Hi everyone, Jeff here and welcome back to another Plain English lesson. We’re up to number 351, and that means JR has posted the full lesson at PlainEnglish.com/351. That’s where you can find the full transcript, translations, extra links, resources, more words, and Plain English Plus+ members can watch the video lesson and practice the expressions. So check that out, PlainEnglish.com/351.

Coming up today: Have you heard the term “vaccine passport”? It’s the idea that once you get a vaccine, you can use a smartphone app to return to your pre-COVID lifestyle of travel, concerts, and moving around without a mask. But vaccine passports are not the magic bullet that they seem like. That’s what we’ll talk about on today’s lesson.

Vaccine passports: useful, but not a panacea

Imagine a world where bands play in packed concert halls, bar patrons push and shove through the crowd to get another round, and nobody is wearing a mask. Is it 2019? Nope: it’s 2021, in Israel, where every adult over the age of 16 is eligible to get a COVID vaccine and where 90 percent of people age 50 and older have gotten at least their first dose of the Pfizer-BioNTech vaccine.

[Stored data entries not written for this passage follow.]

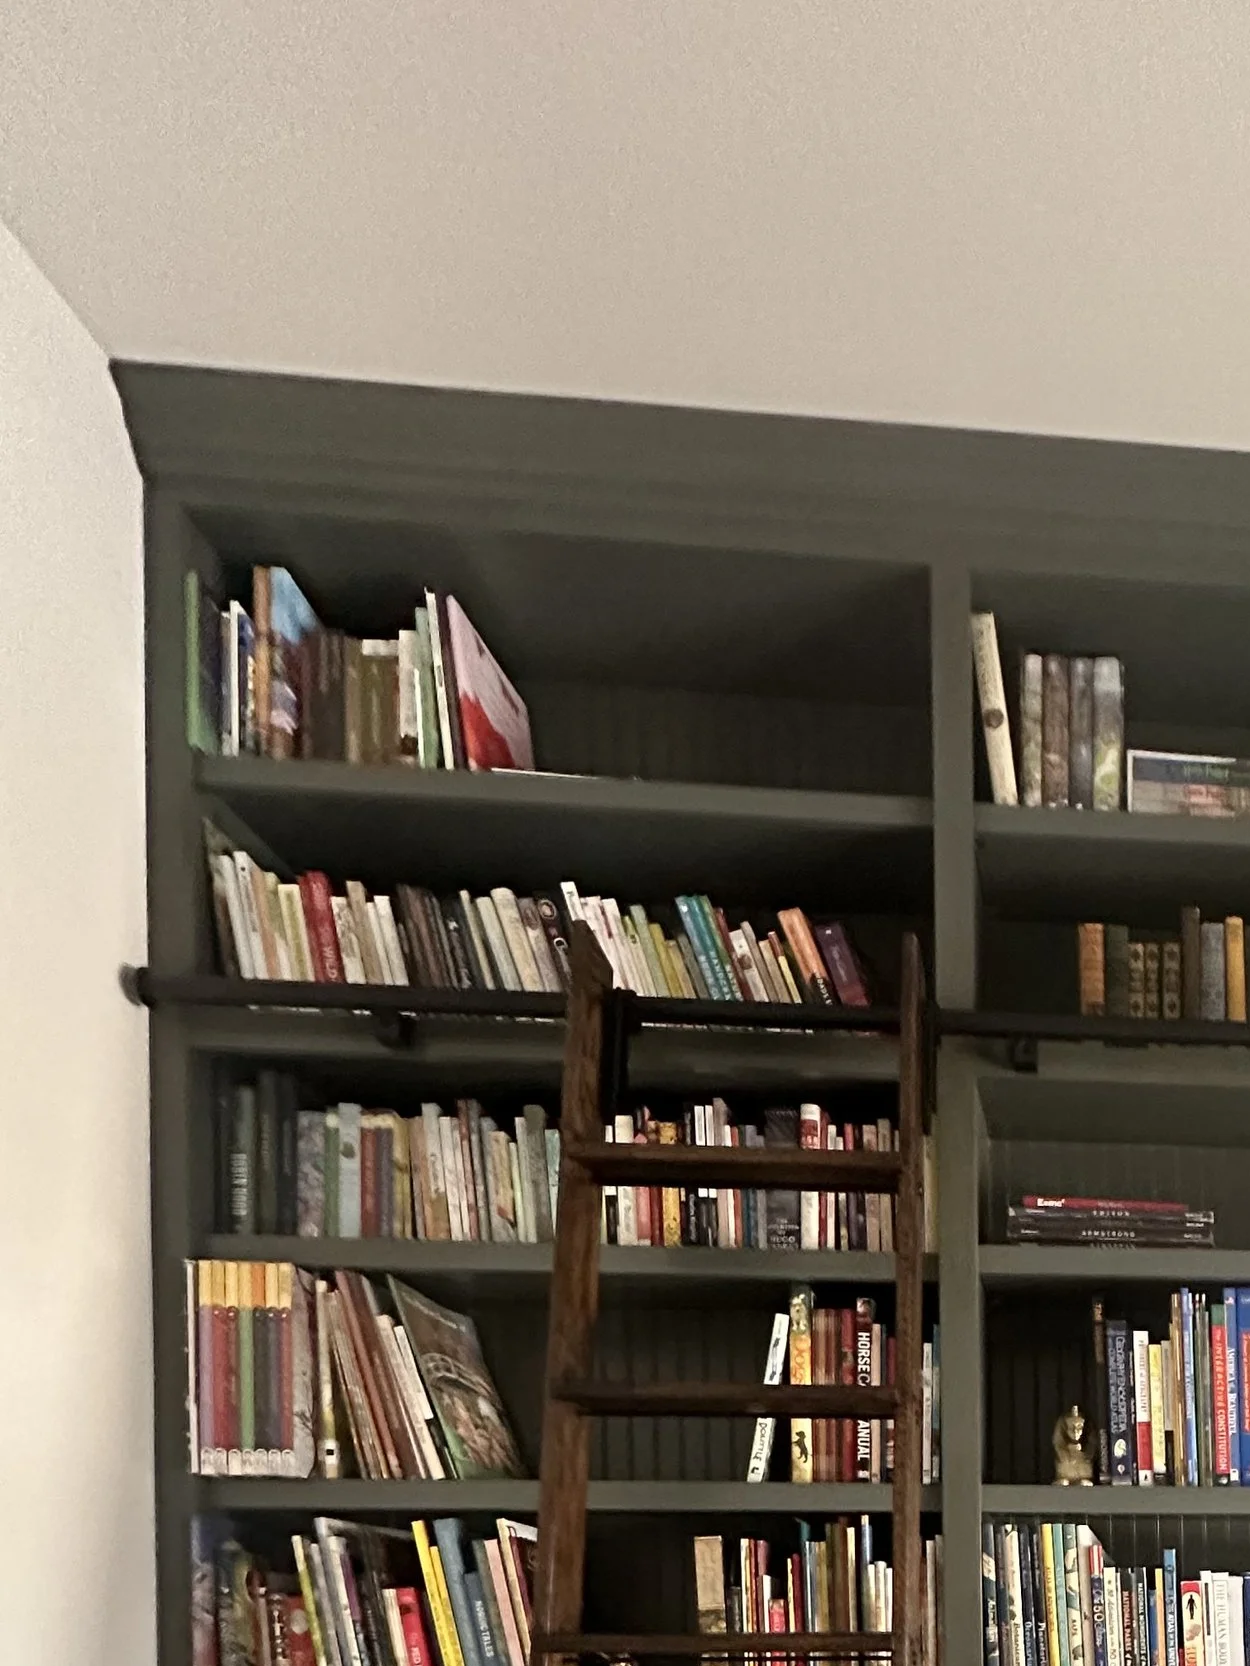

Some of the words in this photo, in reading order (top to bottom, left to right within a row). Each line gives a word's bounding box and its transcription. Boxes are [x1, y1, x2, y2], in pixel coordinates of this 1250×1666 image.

[857, 1332, 870, 1372] HORSE
[857, 1420, 870, 1461] ANUAL
[1217, 1409, 1228, 1471] CONSTITUTION
[1137, 1582, 1145, 1613] NATIONAL
[1093, 1605, 1105, 1620] 50
[1168, 1613, 1176, 1632] ATLAS
[1216, 1603, 1227, 1639] HUMAN
[411, 1647, 421, 1663] RED
[481, 1632, 495, 1657] TALES
[1109, 1648, 1118, 1659] 50
[1218, 1641, 1228, 1664] BODY

Israel has sprinted to lead the world in vaccinating its citizens, but still not everyone has the vaccine. Despite all the progress, COVID is real in Israel. So how are restaurants and movie theaters packed again? The patrons all have a vaccine passport: they can prove, via a smartphone app, that they have been vaccinated against COVID-19. If you can’t show a green verification screen at the door, you can’t go through the door.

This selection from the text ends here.